とうとう勝利のコングが教室に鳴り響いた。なんとか言い出しっぺの仁に四人分の飲み物を買いに行かせることに成功し、これで心置きなく妄想デートできると顔を伏せる瞬間に悪魔、いや天使が現れた。
「一君て意外と絵、うまいよね。おかげで凄いやりやすかった!」
「え……?い、いや全然そんなことないよ……。それより授業中なのに邪魔してごめん。仁に俺の次は三浦さんに渡すように言われちゃって…。」
なんということだ。まさか三浦さんが話しかけてきた。周りの男子のおかげもあって普段から話さないわけではないけど、1対1で話すことなんて滅多にない。せっかくのデート(妄想)時間だったけど、直接話せるのなら仕方ないか。本当は妄想して楽しみたいんだけど。
「いや、一より断然麗奈の方が上手い!てか可愛い!特に顔が!!」
ここで守護神志門さんの登場。せっかく二人で話しているところだったというのに。だがしかし志門さん、それには
同感だ。
「ちょっと顔は関係ないでしょ…」
なんだか照れている様子。二人の戯れ…ではなく言い争いを聞く時間は少なく、二人は教室から出て行ってしまった。次の時間は体育だった。
当然体育の時間は妄想なんてする時間は1秒たりともできるわけもなく1時間が経過した。男子と女子は別々の授業のため三浦さんの姿は見ることはできなかった。しかし三浦さんが着替えを終えて席に着く瞬間になんだかいい香りがしたような気がした。4時間目こそ今までにないくらいコンディションが整っている状態で妄想に励みたいと思っていたら先ほどの体育の疲れか睡魔が一気に襲い掛かってきた。これだから体育の時だけ元気な男共の空気は体に悪い。
午前中の授業は終わり昼食の時間になっていた。だが、一人になる時間は当たり前のようになく、ぞろぞろいろんなやつらが集まってきた。
「おい一!俺のおかずと交換しようぜ!」
無駄にガタイだけは言い五条が半ば強引に俺の弁当箱からおかずを盗み、そして違うおかずへとすり替えた。
「あ”あ”あ”~午後の授業だり~」
大地が喚き、仁は同意する。俺はお前らが俺の机の上で弁当を広げて目の前でやりとりしているのが1番だるい。
「ところで仁、麗奈に告らないのか?」
「まあ、告ろうとは思ってるんだけどな…。でもなんかフラれたら教室で気まずくね?」
と意味のない会話から急に恋愛話に。いや、俺には関係ないんだけど。
仁は数か月前から三浦さんに好意を抱いている。時折、誰かがそんな話を持ち掛け恋愛会議みたいな流れになっていくのだが、そうなると俺のとっておきの妄想相手に泥がかかってしまう。そうならないためにはこのままの関係でいてもらいたい。やっぱ関係大ありだ。
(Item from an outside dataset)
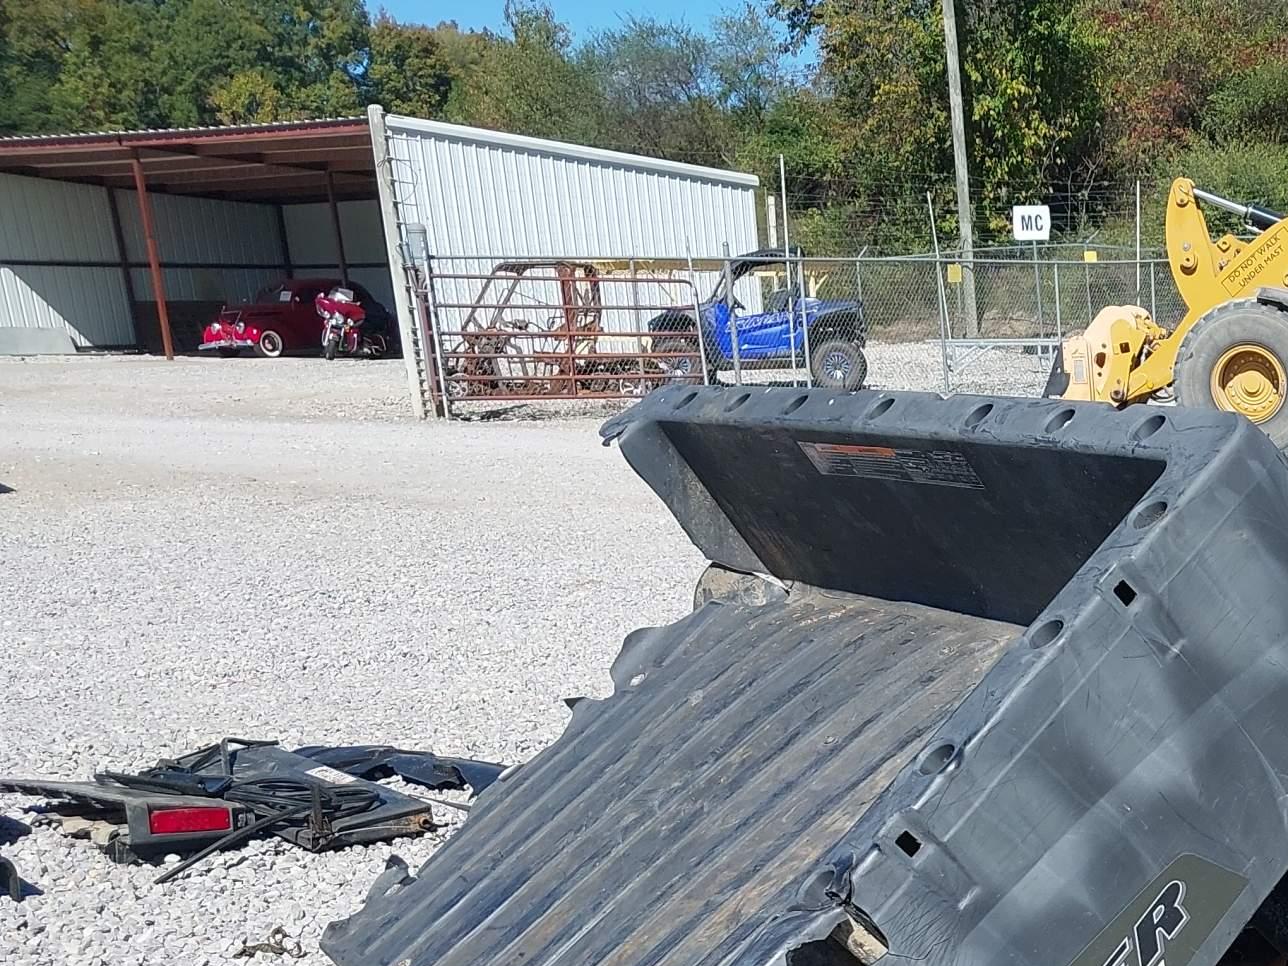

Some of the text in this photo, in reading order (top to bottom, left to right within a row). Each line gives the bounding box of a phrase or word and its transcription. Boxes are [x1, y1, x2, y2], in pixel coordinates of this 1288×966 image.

「でもやっぱりせめてクラス替えになる前まではそのままでもいいんじゃない?気まずくなるってのは相当のリスクだし、仁の気持ちもわかるけど、今はね。」
と完全に自分のためにそっちの流れに持って行ったが、ここでは俺の立場もたまには役に立ち「一が言うなら現状維持にしとくか~」と納得してくれた。なぜか妙に恋愛の話になると俺の意見を尊重してくれるわけだが、俺恋愛経験0なんだよな。妄想ならいくらでもあるけど、お前らの邪魔がなければ。
と昼休みも妄想はできずに午後の授業に差し掛かる。今日は珍しく一回も妄想する時間が訪れなく、完全に厄日だ。1日の最後くらい盛大に頭の中で楽しむぜ。
まずは三浦さんとのデートだな。まず行くとしたらどこに行くのがいいか。飲食店で食事をするのはあまりにもベタすぎる。じゃあ映画館デートか。三浦さんの趣味ってよくよく考えたら全然知らないな。なんなら聞いてみるか。
「三浦さんて、休みの日どんなことしてるの?」
ノートの1ページを破りひとこと書いて三浦さんに渡す。なぜかわからないが、俺は妄想している時だけは積極的になれる。
「うーん、日によるけど、だいたいテレビか勉強か友達とSNSかな。」
「そうなんだ、テレビってどんなジャンル?」
「バラエティ番組かドラマか、たまに映画も観るかな。」
「俺も映画好きなんだ!もしよかったら今度映画観に行かない?」
「え?いいの?今ちょうど観たい映画があってね、ただ一人だとどうしても行きにくくて誘う相手探してたの。」
「じゃあさ、俺のID書いておくから家帰ったら送って!」
なんだかんだいい感じに手紙のやり取りをしていたが、急に三浦さんからの返事が来なくなった。ここまで一心不乱に書いてたけどところで最後ってなんて書いたっけ。
気になって三浦さんの顔を除くと少し困った顔をしていた。どうしたのだろう。
しばらく経って三浦さんからの返事が返ってきた。
「ごめん、一君てそういう人だったんだ…。やっぱりこの話はなしで。あと、もう話しかけてこないで。」
心臓か、はたまた世界か。一瞬だけ時間が止まったような感覚になったが、どちらにせよ衝撃的な内容のあまり、理解するのに少し時間がかかった。
どうしてだ、なんでこんなことに。
一番上から丁寧に読んでいったが下に行くにつれてだんだん嫌な予感がした。
それは俺のIDを送った後に、三浦さんに辱めるような内容ばかりを質問していた。
完全に無意識だ。完全に現実と区別できていなかった。
三浦さんとの手紙のやり取り、そして映画を観るという約束までして気持ちが昂りすぎてしまったのだ。
授業が終わる間、俺は人生で初めて授業が終わらないことを願った。
次の日にはいつも声をかけてきた男たちは誰一人として近づいては来てくれず、完全にクラスで孤立した。しばらく経って風の噂で仁と三浦さんは付き合えたらしい。もう俺にはどうでもいいことだ。
さて、これからは1人になれるわけだし、今までできなかった妄想の日々を送ろうではないか。そしてこれからは絶対にリアルの友達は作らない。ウェルカム、ソロプレイ。フォーエバーモーソー。